* **INFORMATION SHOWN**
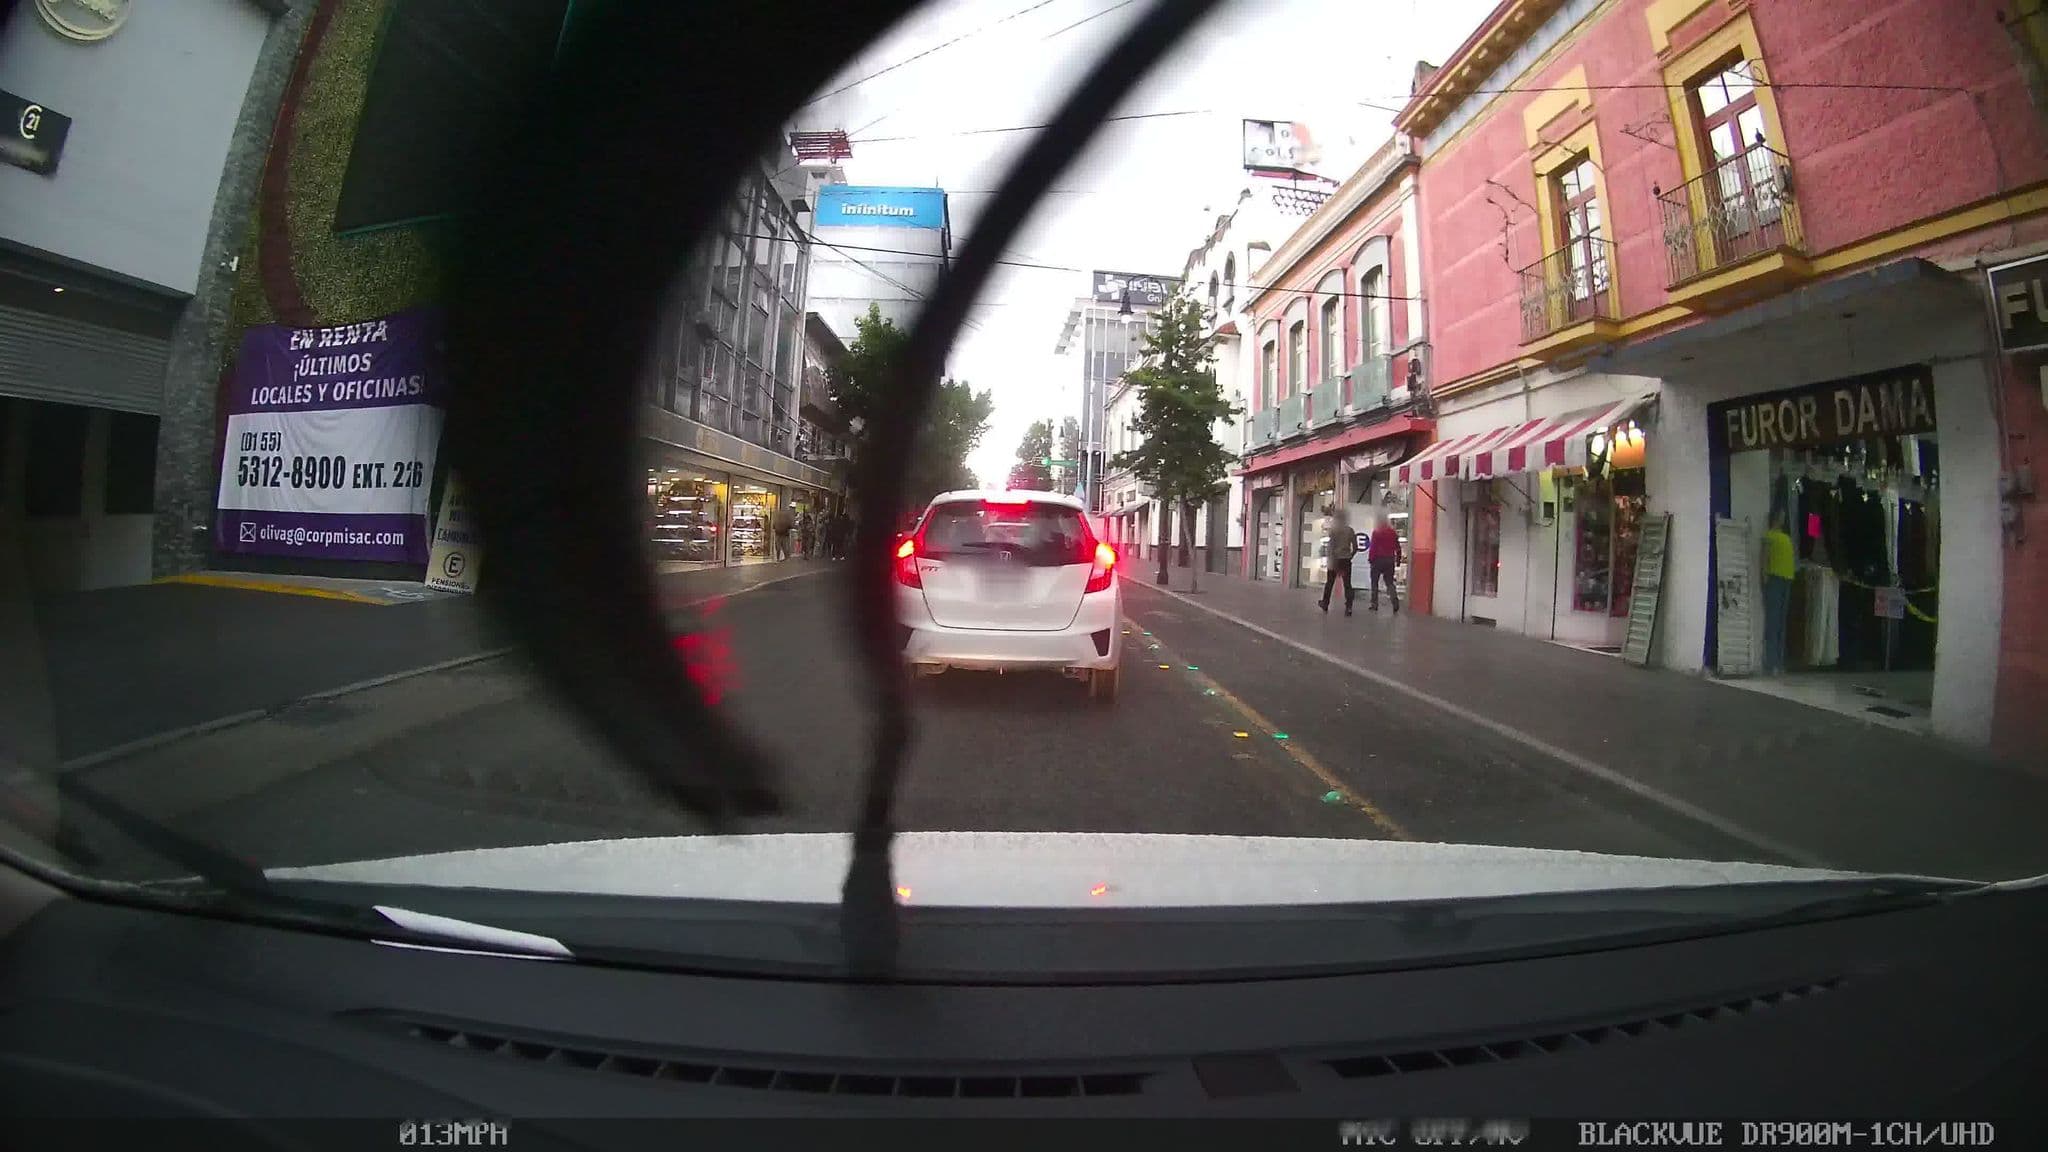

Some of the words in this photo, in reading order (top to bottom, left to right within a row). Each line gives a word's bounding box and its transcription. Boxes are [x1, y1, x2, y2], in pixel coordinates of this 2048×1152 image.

[841, 203, 914, 216] infinitum
[290, 329, 314, 351] EN
[318, 320, 388, 348] RENTA
[294, 352, 372, 382] ¡ÚLTIMOS
[251, 384, 312, 405] LOCALES
[318, 383, 329, 402] Y
[1727, 398, 1820, 449] FUROR
[1835, 378, 1933, 436] DAMA
[238, 455, 346, 489] 5312-8900
[352, 463, 387, 488] EXT.
[260, 524, 404, 547] olivag@corpmisac.com

* **TASK**
Output the material above verbatim but exclude each picture.

* **ANSWER**
Some of the words in this photo, in reading order (top to bottom, left to right within a row). Each line gives a word's bounding box and its transcription. Boxes are [x1, y1, x2, y2], in pixel coordinates of this 2048×1152 image.

[841, 203, 914, 216] infinitum
[290, 329, 314, 351] EN
[318, 320, 388, 348] RENTA
[294, 352, 372, 382] ¡ÚLTIMOS
[251, 384, 312, 405] LOCALES
[318, 383, 329, 402] Y
[1727, 398, 1820, 449] FUROR
[1835, 378, 1933, 436] DAMA
[238, 455, 346, 489] 5312-8900
[352, 463, 387, 488] EXT.
[260, 524, 404, 547] olivag@corpmisac.com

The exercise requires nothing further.